Work request: Print out the data that follows exactly, character for character, apart from the pictures.

■ ■ ■ ■

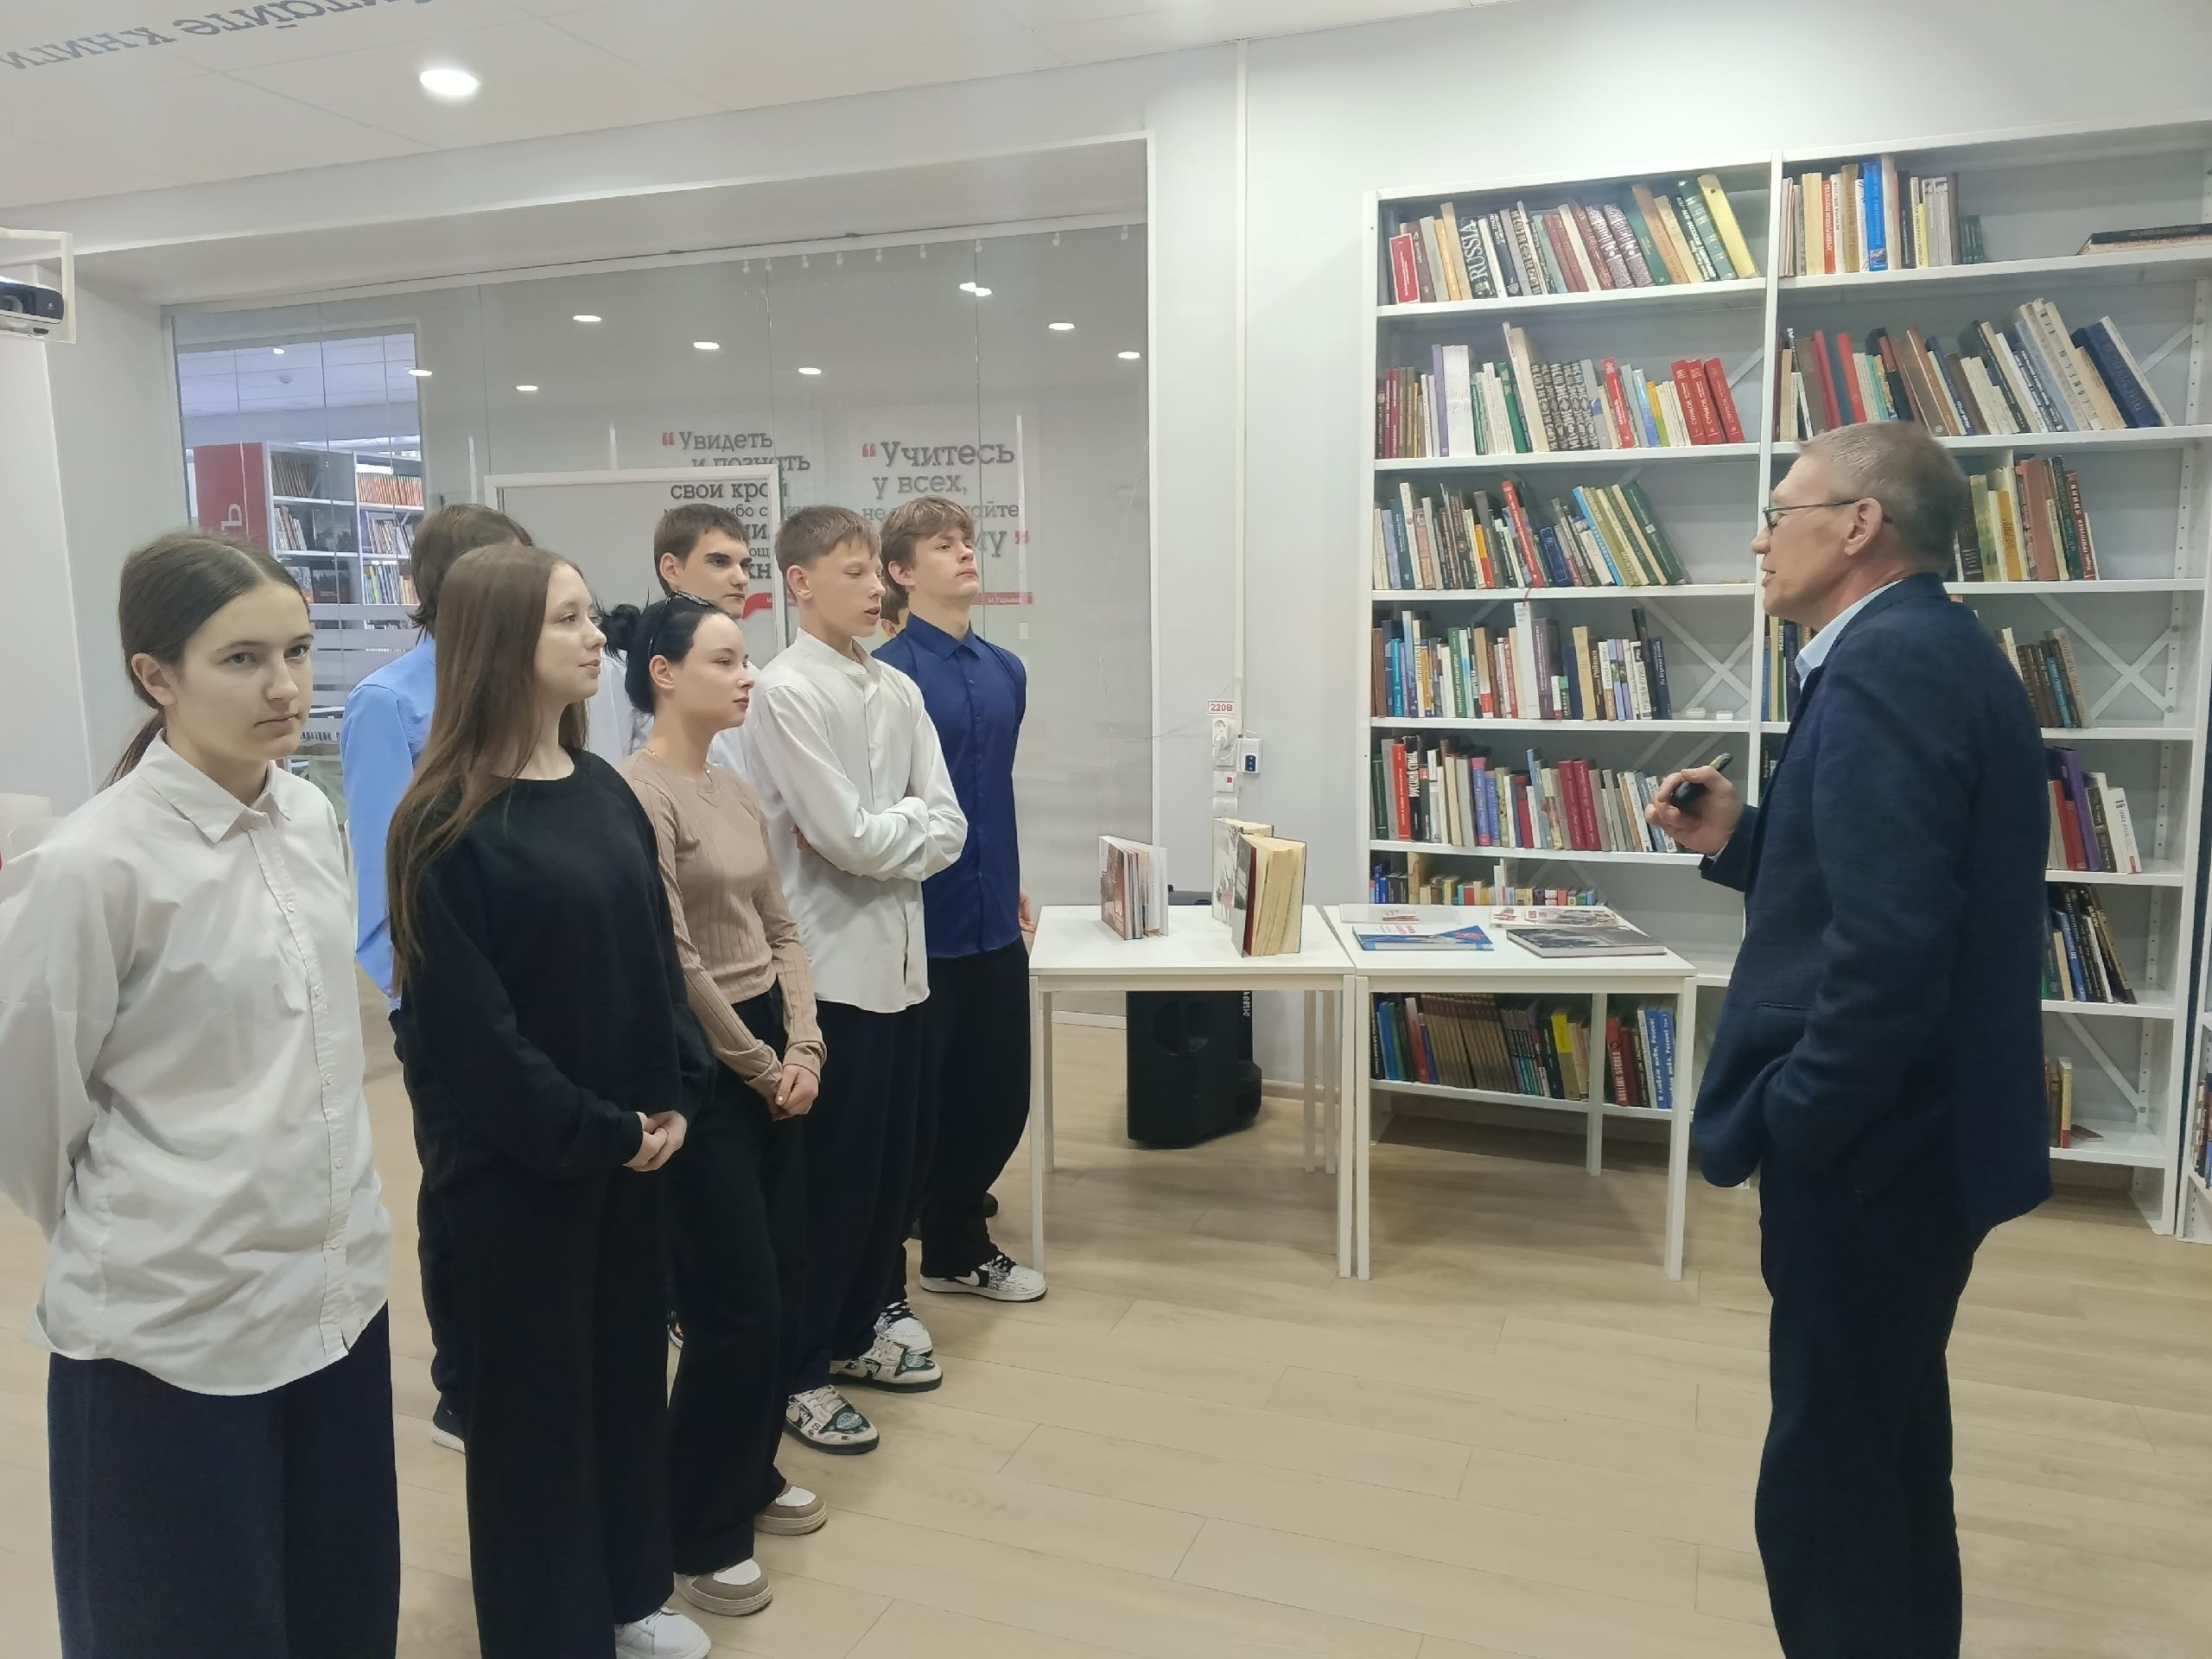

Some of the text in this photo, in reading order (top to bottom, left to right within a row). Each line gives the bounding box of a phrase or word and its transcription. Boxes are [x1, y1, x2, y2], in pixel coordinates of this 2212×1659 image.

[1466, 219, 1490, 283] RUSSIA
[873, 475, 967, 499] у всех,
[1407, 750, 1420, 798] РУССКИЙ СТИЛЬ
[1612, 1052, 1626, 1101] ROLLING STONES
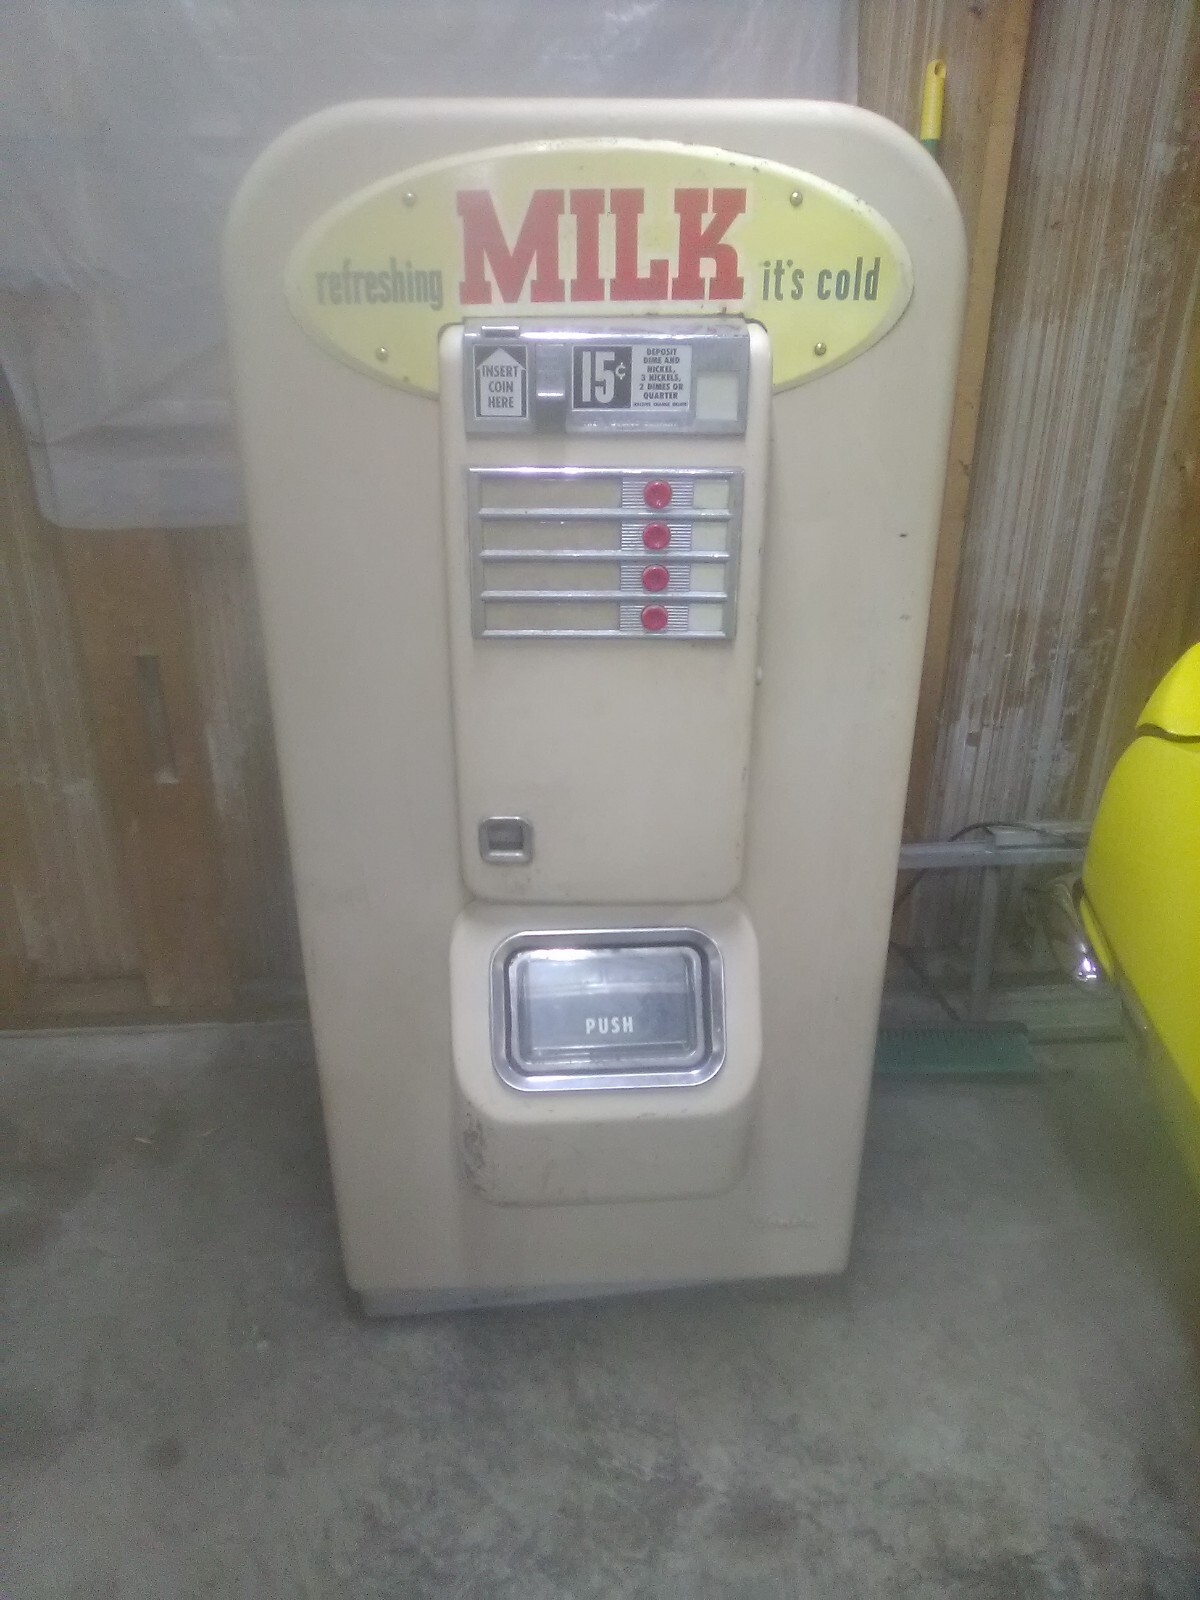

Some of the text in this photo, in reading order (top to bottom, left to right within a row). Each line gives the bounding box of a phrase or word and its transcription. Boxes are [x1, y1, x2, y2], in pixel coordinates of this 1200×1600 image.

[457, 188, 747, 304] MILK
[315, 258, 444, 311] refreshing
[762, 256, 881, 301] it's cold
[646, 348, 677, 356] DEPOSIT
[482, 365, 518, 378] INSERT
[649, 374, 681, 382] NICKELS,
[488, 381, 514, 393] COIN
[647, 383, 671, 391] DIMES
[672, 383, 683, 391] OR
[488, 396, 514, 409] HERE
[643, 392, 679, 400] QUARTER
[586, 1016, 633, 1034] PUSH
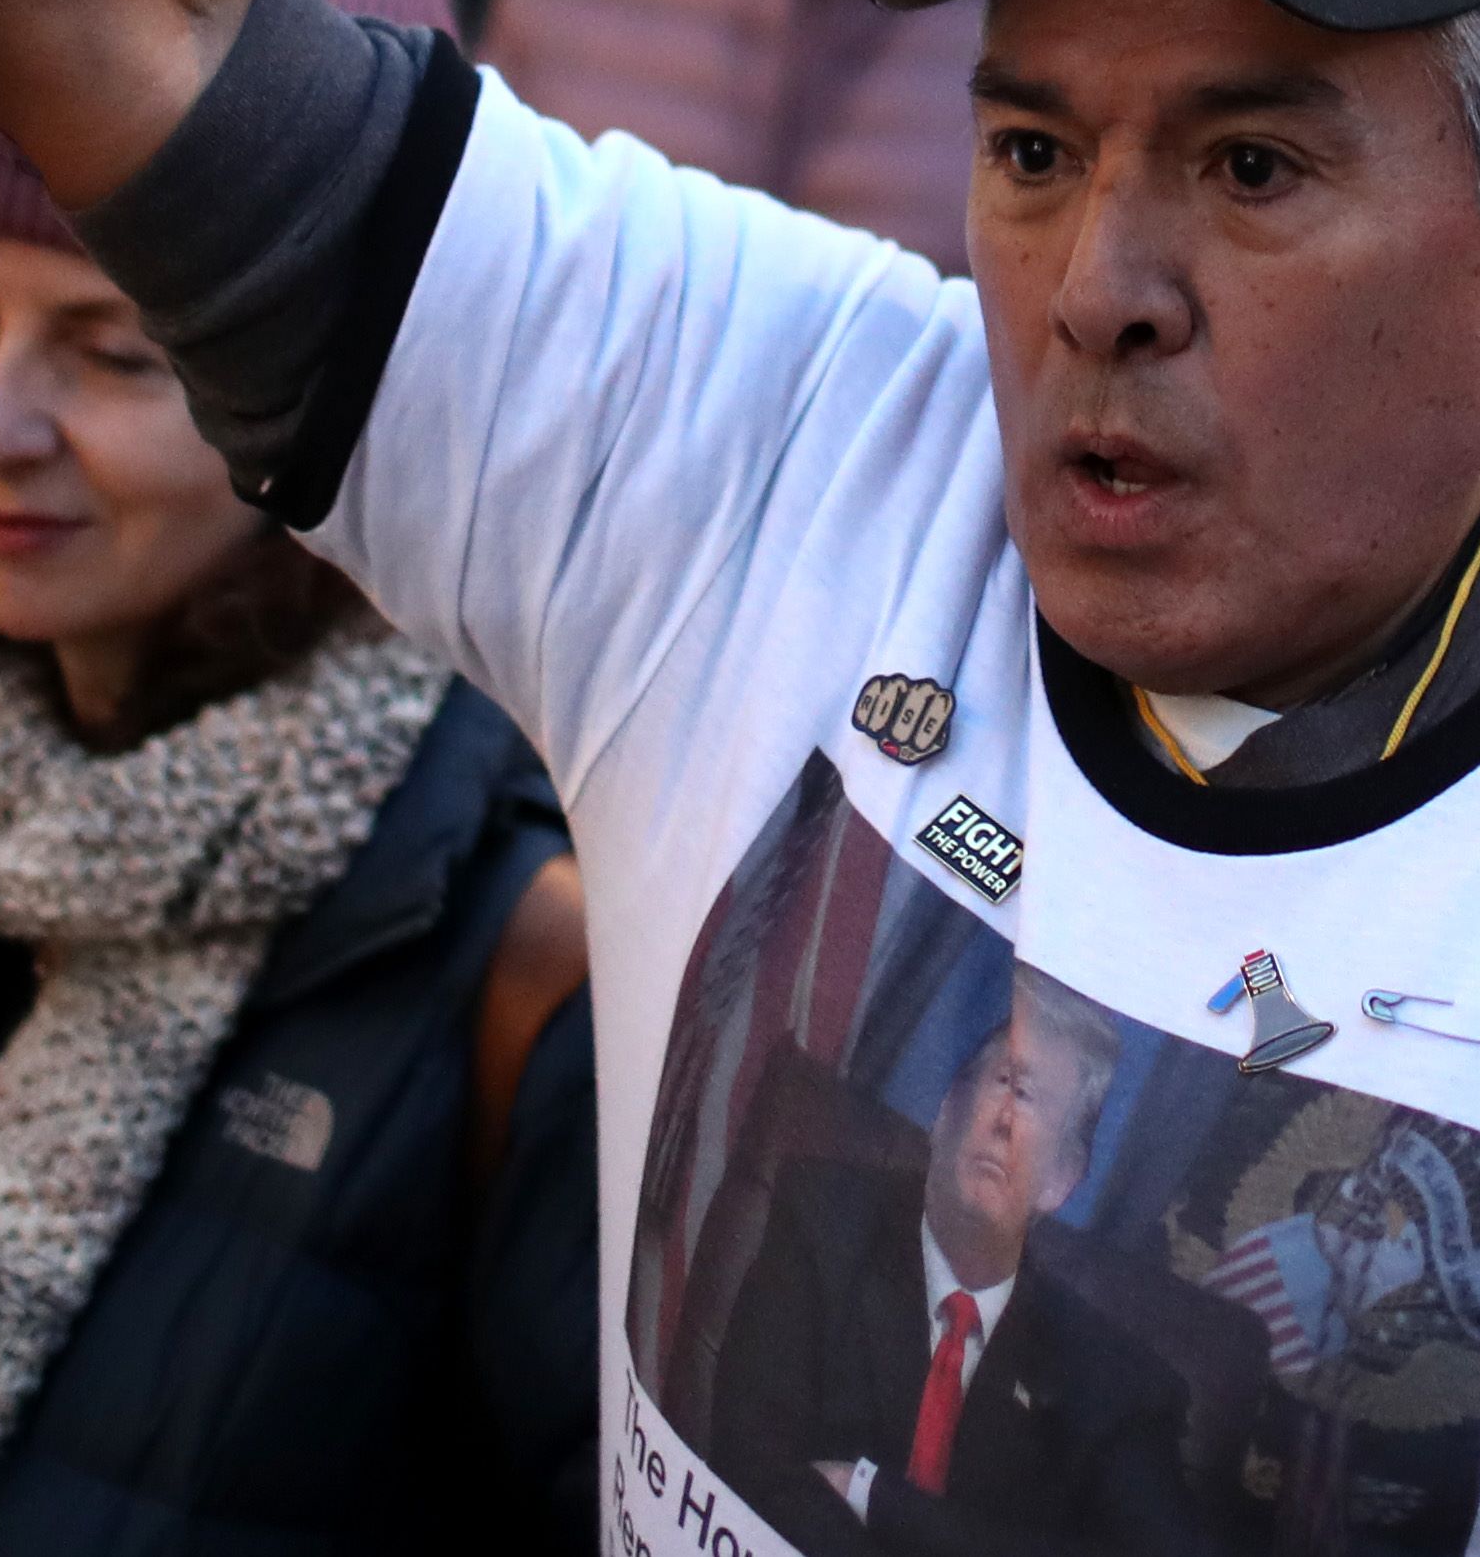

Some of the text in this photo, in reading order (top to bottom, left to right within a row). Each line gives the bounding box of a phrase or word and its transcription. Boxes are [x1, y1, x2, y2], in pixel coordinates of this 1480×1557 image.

■ ■ ■ ■

The answer:
Some of the text in this photo, in reading order (top to bottom, left to right within a row). Each line gives the bounding box of a phrase or word and its transcription. Boxes are [x1, y1, x2, y2], in pixel coordinates of this 2212×1659 image.

[1466, 219, 1490, 283] RUSSIA
[873, 475, 967, 499] у всех,
[1407, 750, 1420, 798] РУССКИЙ СТИЛЬ
[1612, 1052, 1626, 1101] ROLLING STONES

Some of the text in this photo, in reading order (top to bottom, left to right within a row). Each line gives the bounding box of a phrase or word and its transcription. Boxes are [x1, y1, x2, y2], in pixel coordinates of this 1200×1600 image.

[457, 188, 747, 304] MILK
[315, 258, 444, 311] refreshing
[762, 256, 881, 301] it's cold
[646, 348, 677, 356] DEPOSIT
[482, 365, 518, 378] INSERT
[649, 374, 681, 382] NICKELS,
[488, 381, 514, 393] COIN
[647, 383, 671, 391] DIMES
[672, 383, 683, 391] OR
[488, 396, 514, 409] HERE
[643, 392, 679, 400] QUARTER
[586, 1016, 633, 1034] PUSH

Some of the text in this photo, in reading order (top to bottom, left to right within a row). Each line gives the bounding box of a phrase or word and its transcription. Boxes are [x1, y1, x2, y2], in pixel coordinates of this 1480×1557 image.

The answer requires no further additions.